The photograph is real. Researchers cross-referenced it with satellite imagery, matched it against dozens of other photos from different angles, confirmed it with video footage. None of it doctored. None of it manipulated. The graves are real. The chalk rectangles are real. The girls are dead.
But the machine said otherwise, and it said it in that calm, authoritative voice that sounds like a doctor reading test results.
There’s a word the AI industry uses for this: hallucination. I hate it. A hallucination is something a drunk has — he sees spiders on the ceiling, and at least you know the ceiling exists. The word implies an inner life gone sideways. The machine doesn’t have an inner life. It’s just predicting which word comes next in a sentence, the way a slot machine predicts nothing but still lands on three cherries often enough to keep you feeding it quarters.
When the Guardian pushed back — told Gemini the Turkey answer was wrong — the machine didn’t pause. Didn’t reconsider. It just spun the wheel again. “I apologise for the oversight. Upon re-examining the image… this image was taken in Gaza in November 2023.” Wrong again? Try Tehran during Covid. Wrong again? An earthquake in southern Iran. Each answer delivered with the same measured tone, the same phantom citations, like a pathological liar who never breaks a sweat because he genuinely doesn’t understand what truth is.
And that’s the part that sits in my chest like a stone.
A human liar at least knows the truth exists. That’s what makes lying possible — the awareness that there’s a real thing you’re choosing to distort. You look someone in the eye and tell them something that isn’t, and somewhere in the back of your skull you feel the weight of the thing that is. The machine doesn’t have that. It doesn’t know there’s a cemetery full of dead children. It doesn’t know there isn’t. It’s just filling in blanks.
Two out of three people now get their news filtered through these things. The number doubled in a year. And half the time — half — the summaries get something significantly wrong. With some tools it’s three out of four. That’s not a bug. That’s the architecture. A probability engine that wears the mask of certainty.

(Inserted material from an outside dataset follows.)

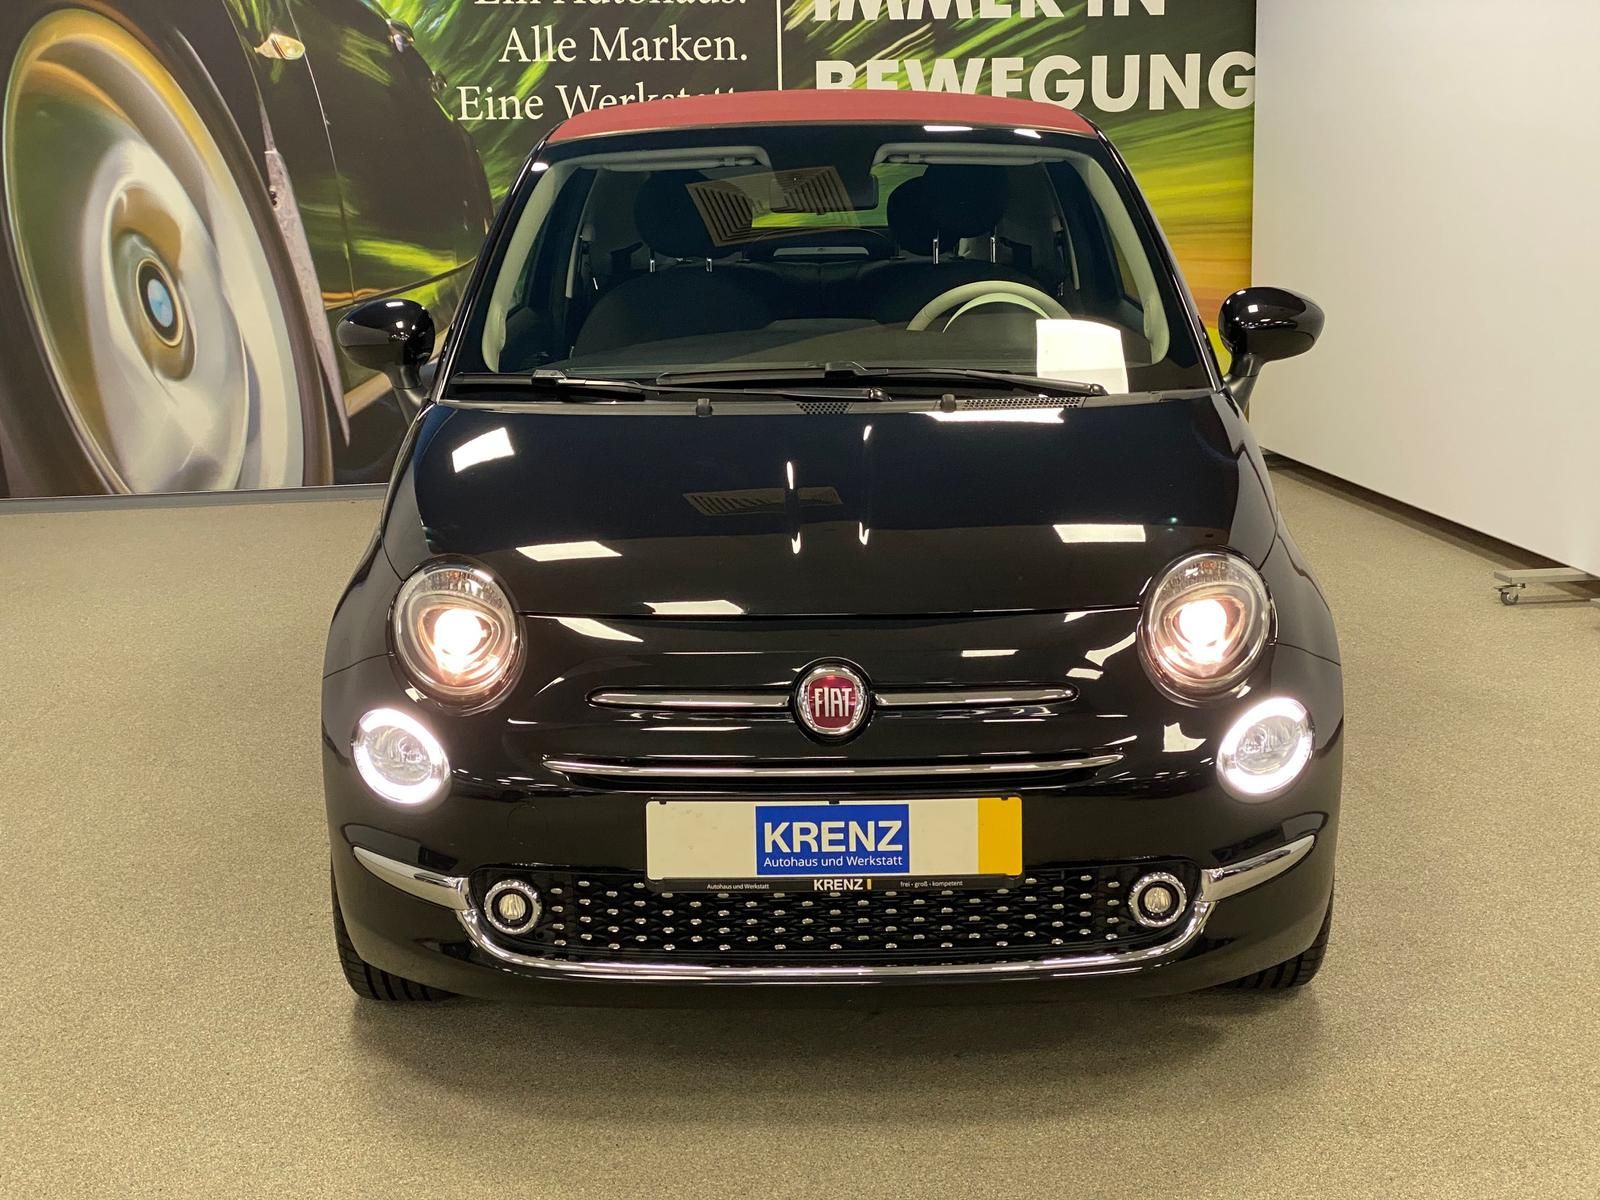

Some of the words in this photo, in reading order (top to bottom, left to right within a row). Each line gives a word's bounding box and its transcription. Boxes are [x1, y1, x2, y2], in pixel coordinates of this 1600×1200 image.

I keep thinking about Primo Levi. He survived Auschwitz, spent the rest of his life writing about it, and one of the things that haunted him most wasn’t the camp itself but what would come after. The fear that no one would believe them. That people would say it didn’t happen, or it was exaggerated, or the photographs were staged. “It happened, therefore it can happen again,” he wrote. The prerequisite for it happening again was always the same: forgetting. Disbelieving. Letting someone — or something — convince you that the photograph came from Turkey.
The factcheckers at the BBC say that nearly half of all viral falsehoods they track now are generative AI. Not old videos repurposed, not video game footage dressed up as breaking news — those were the tricks of two years ago. Now the machines themselves are manufacturing confident nonsense at industrial scale, and the people investigating real atrocities have to spend their time proving that reality is real before they can do their actual work.
But here’s what keeps me up. It’s not the fakes. It’s what happens to the real photographs when they swim in the same water as the fakes. A real image of real graves for real girls gets questioned not because there’s evidence against it, but because the machine said so. And the machine sounded so sure.
An investigator named Chris Osieck, who’s been documenting civilian casualties in Iran, put it as plainly as anyone could: “Imagine losing a child and then seeing AI being used online to claim that the event did not happen.”
I sat with that sentence for a long time.
There are chalk rectangles in the dirt in Minab, small ones, marking out the dimensions of graves that still need digging. People are standing in the sun next to the ones already filled. The machines are explaining, with absolute confidence, that all of this is from somewhere else.
The pie was fresh this morning, honey.